_Working data:_

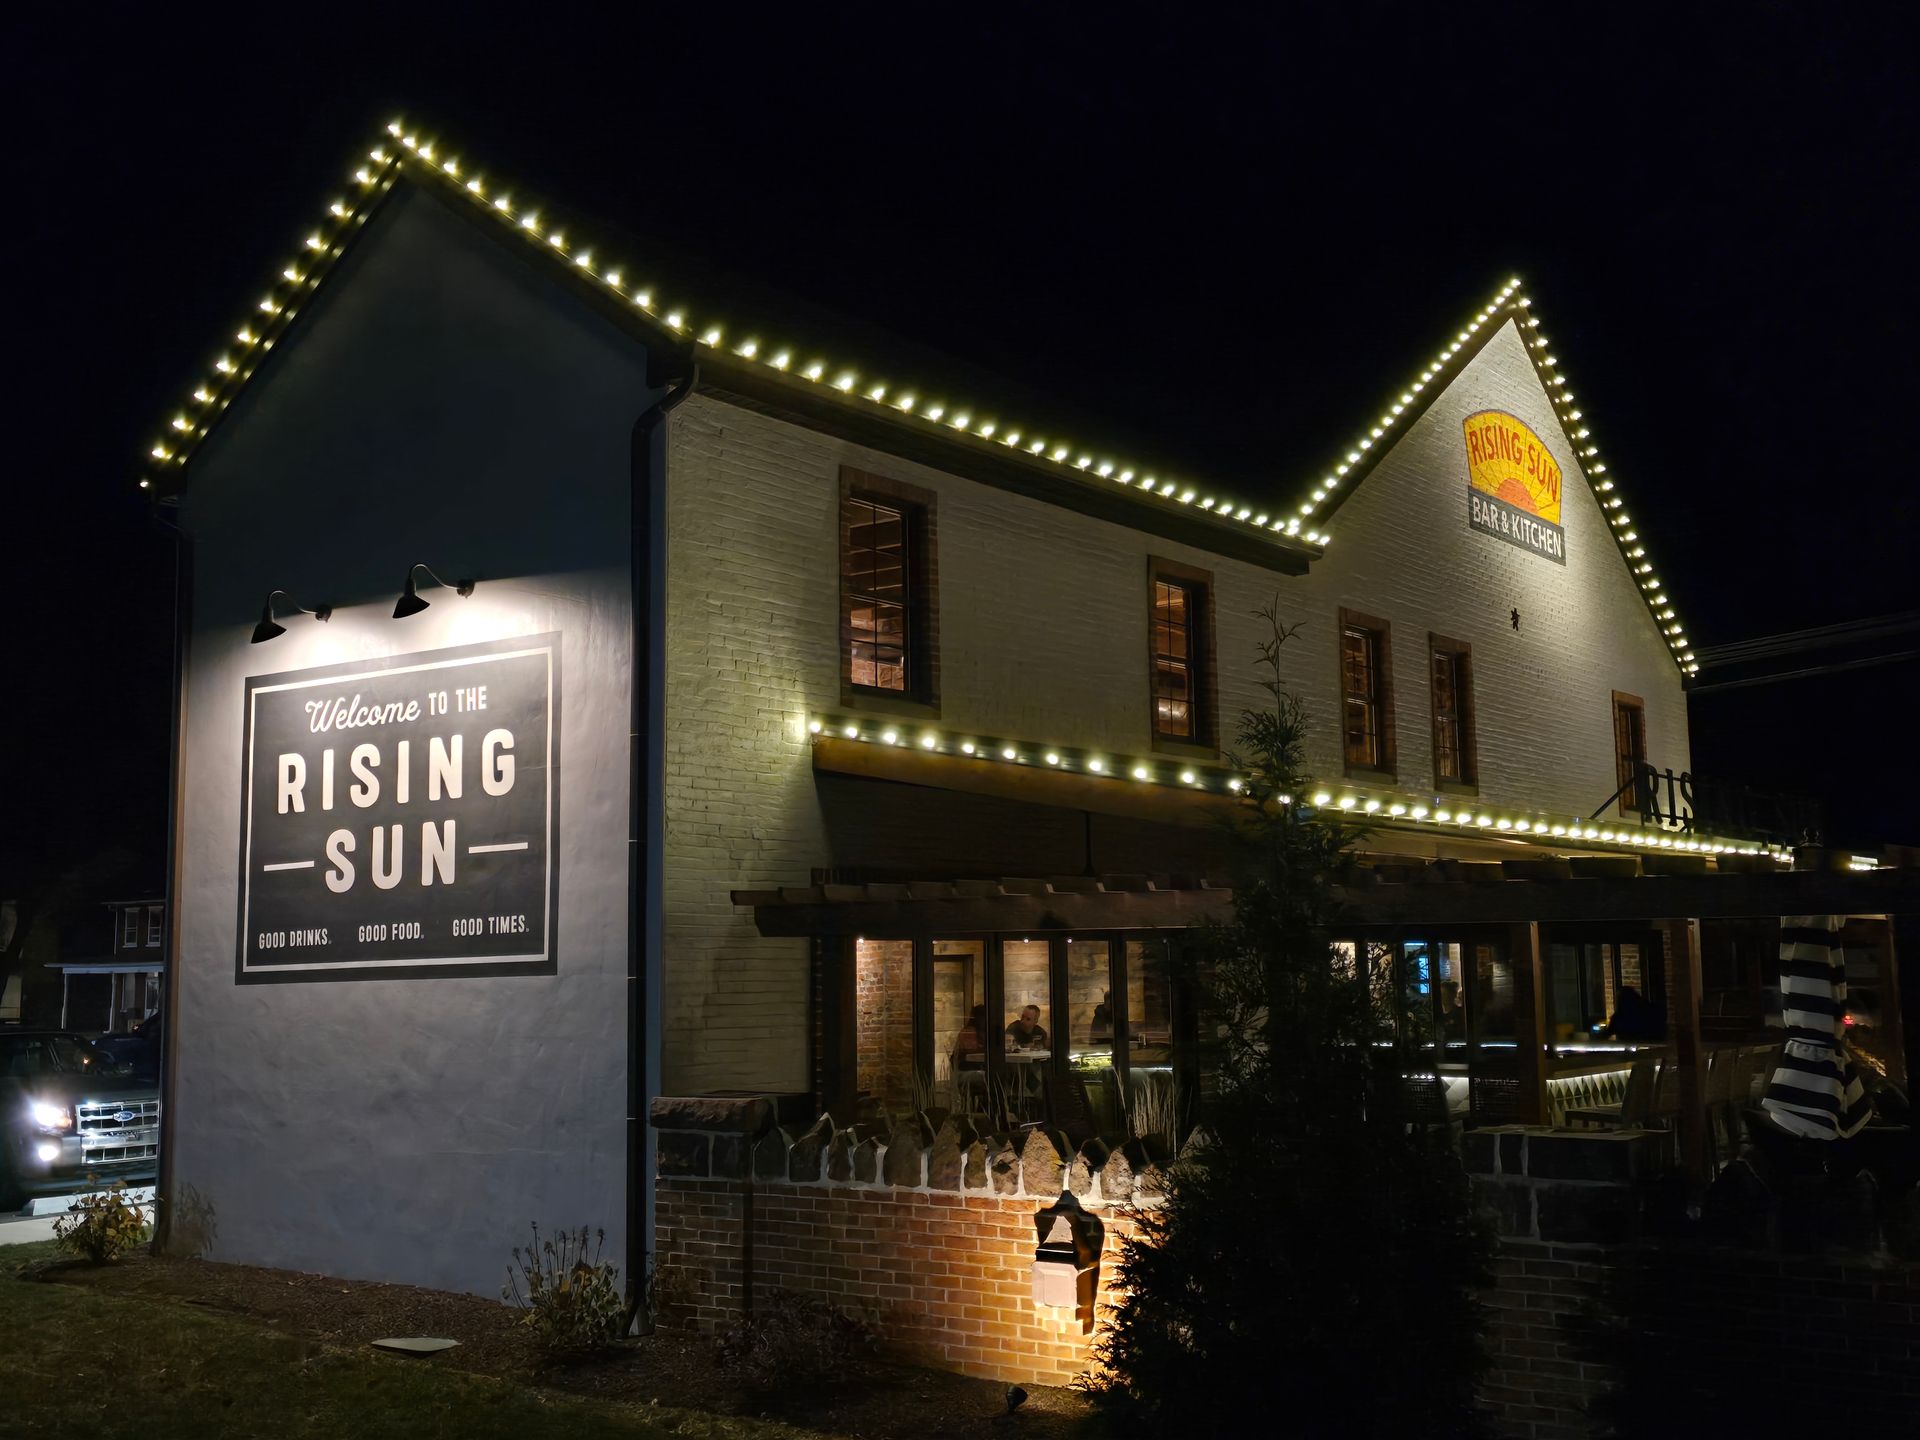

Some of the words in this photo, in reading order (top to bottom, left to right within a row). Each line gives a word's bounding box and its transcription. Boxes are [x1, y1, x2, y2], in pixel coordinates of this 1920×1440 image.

[1469, 425, 1523, 466] RISING
[1527, 443, 1558, 503] SUN
[1472, 496, 1499, 531] BAR
[1501, 510, 1510, 535] &
[1511, 514, 1562, 558] KITCHEN
[305, 694, 421, 733] Welcome
[428, 692, 448, 717] TO
[455, 685, 488, 712] THE
[277, 728, 516, 815] RISING
[324, 819, 456, 894] SUN
[258, 931, 286, 950] GOOD
[289, 928, 332, 947] DRINKS.
[358, 924, 387, 943] GOOD
[391, 922, 425, 941] FOOD.
[452, 917, 483, 937] GOOD
[487, 914, 530, 934] TIMES.
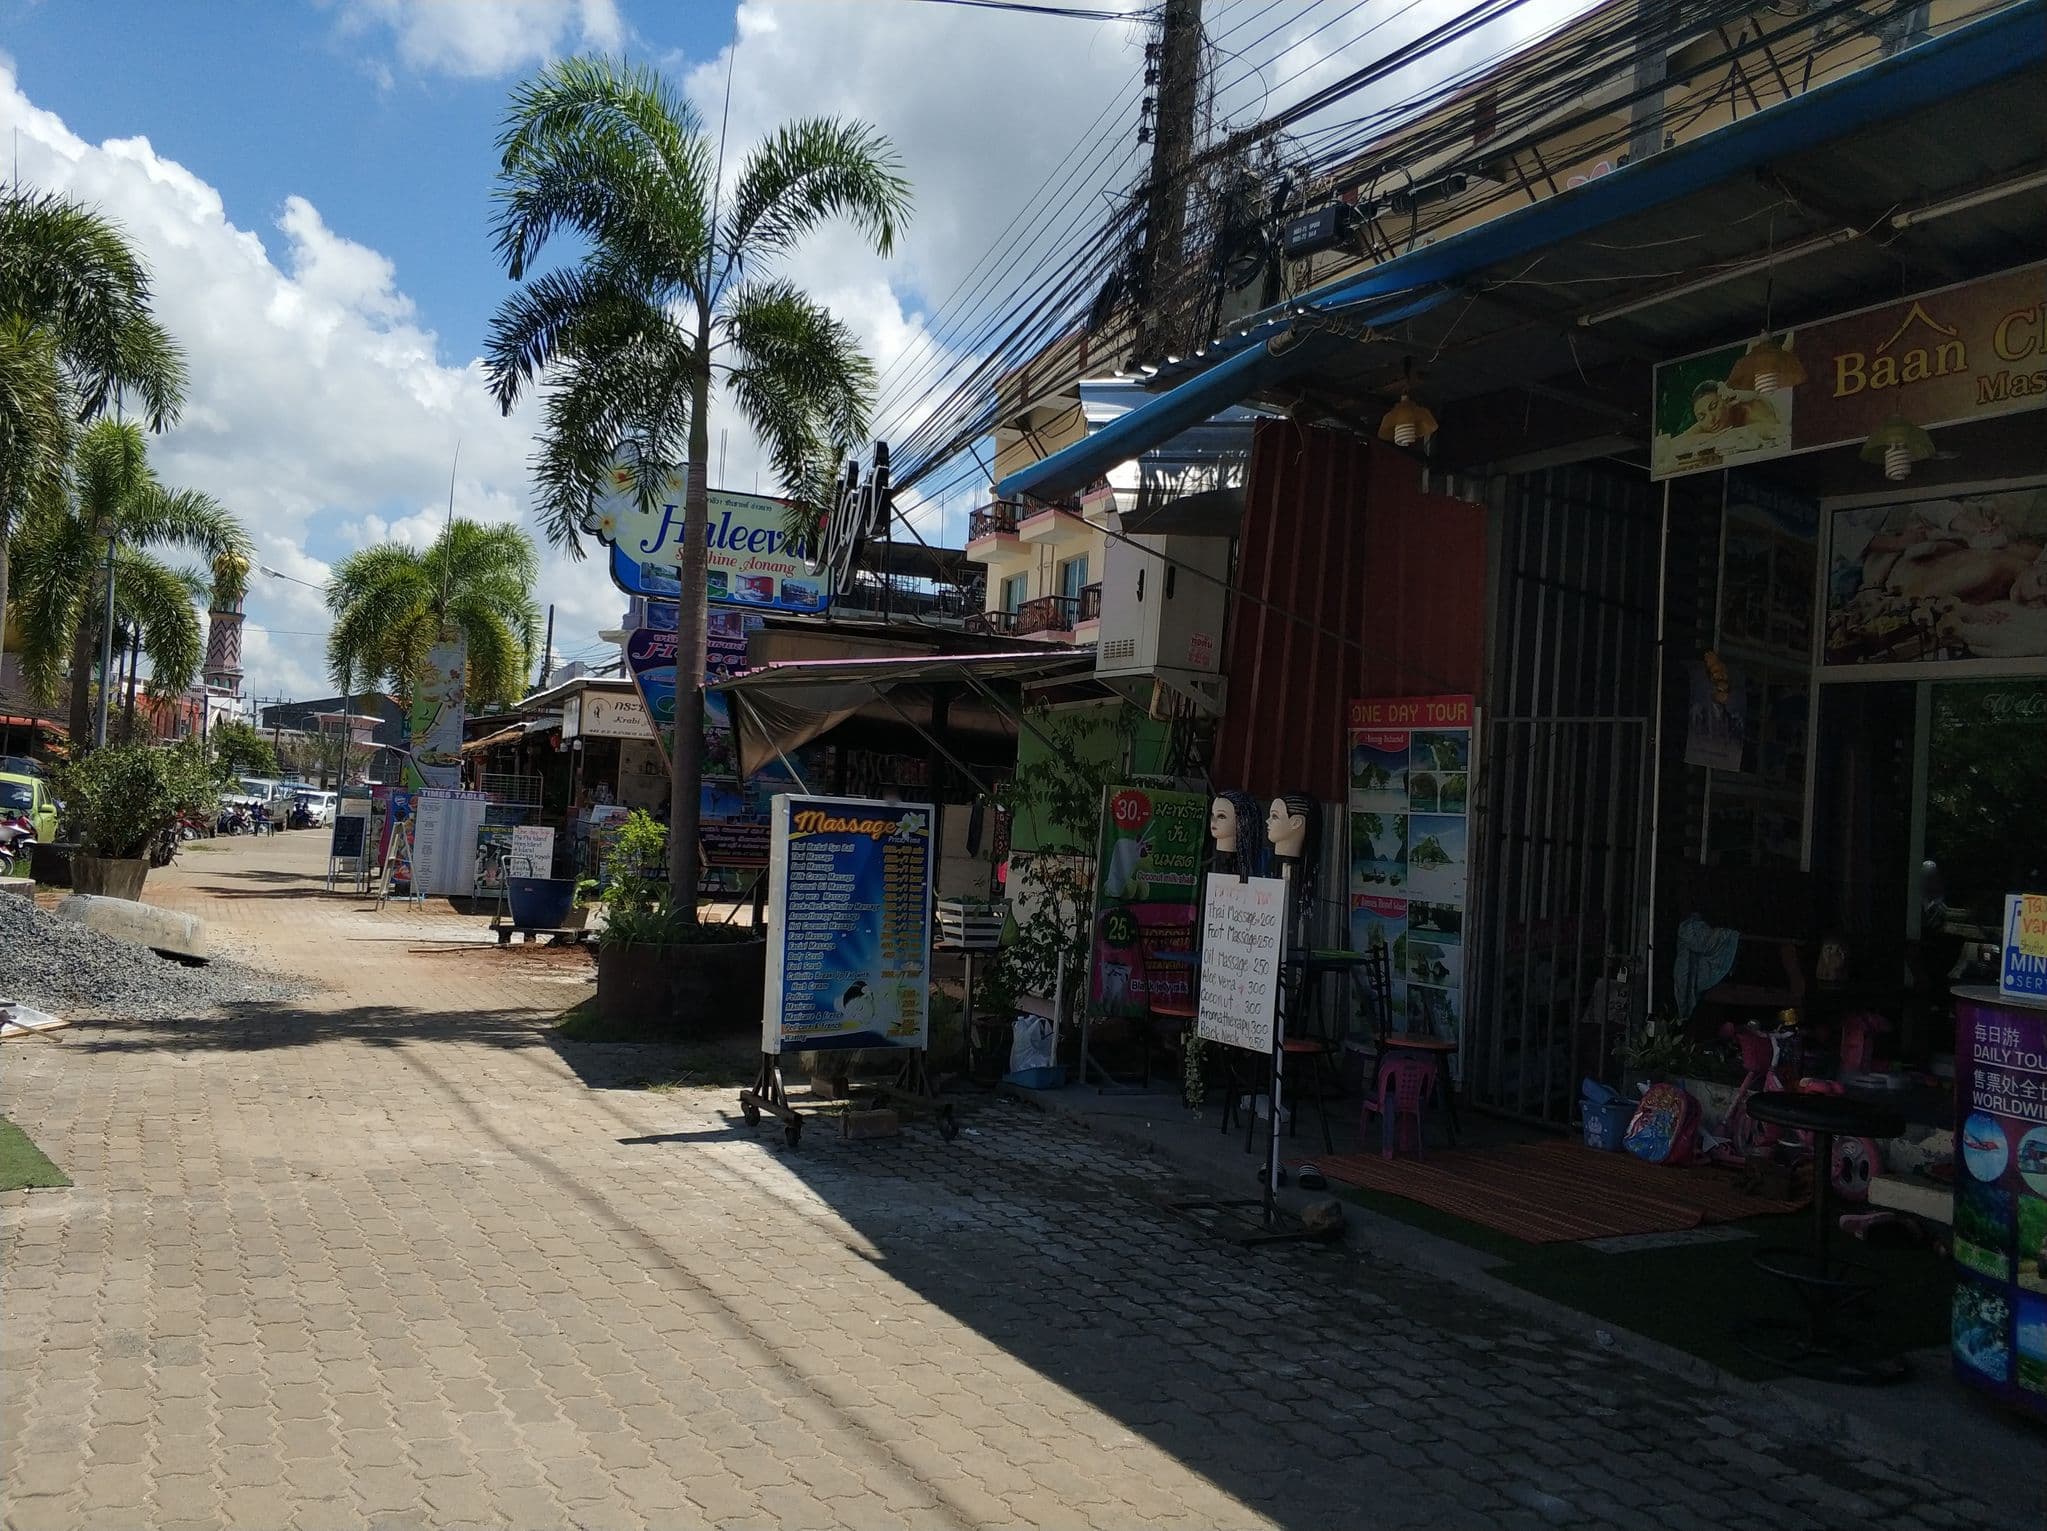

_Activity:_ The material above must be reproduced line for line, with the images omitted.

_Problem solution:_
Some of the words in this photo, in reading order (top to bottom, left to right within a row). Each line gives a word's bounding box and its transcription. Boxes are [x1, y1, x2, y2], in pixel coordinates of this 1920×1440 image.

[1469, 425, 1523, 466] RISING
[1527, 443, 1558, 503] SUN
[1472, 496, 1499, 531] BAR
[1501, 510, 1510, 535] &
[1511, 514, 1562, 558] KITCHEN
[305, 694, 421, 733] Welcome
[428, 692, 448, 717] TO
[455, 685, 488, 712] THE
[277, 728, 516, 815] RISING
[324, 819, 456, 894] SUN
[258, 931, 286, 950] GOOD
[289, 928, 332, 947] DRINKS.
[358, 924, 387, 943] GOOD
[391, 922, 425, 941] FOOD.
[452, 917, 483, 937] GOOD
[487, 914, 530, 934] TIMES.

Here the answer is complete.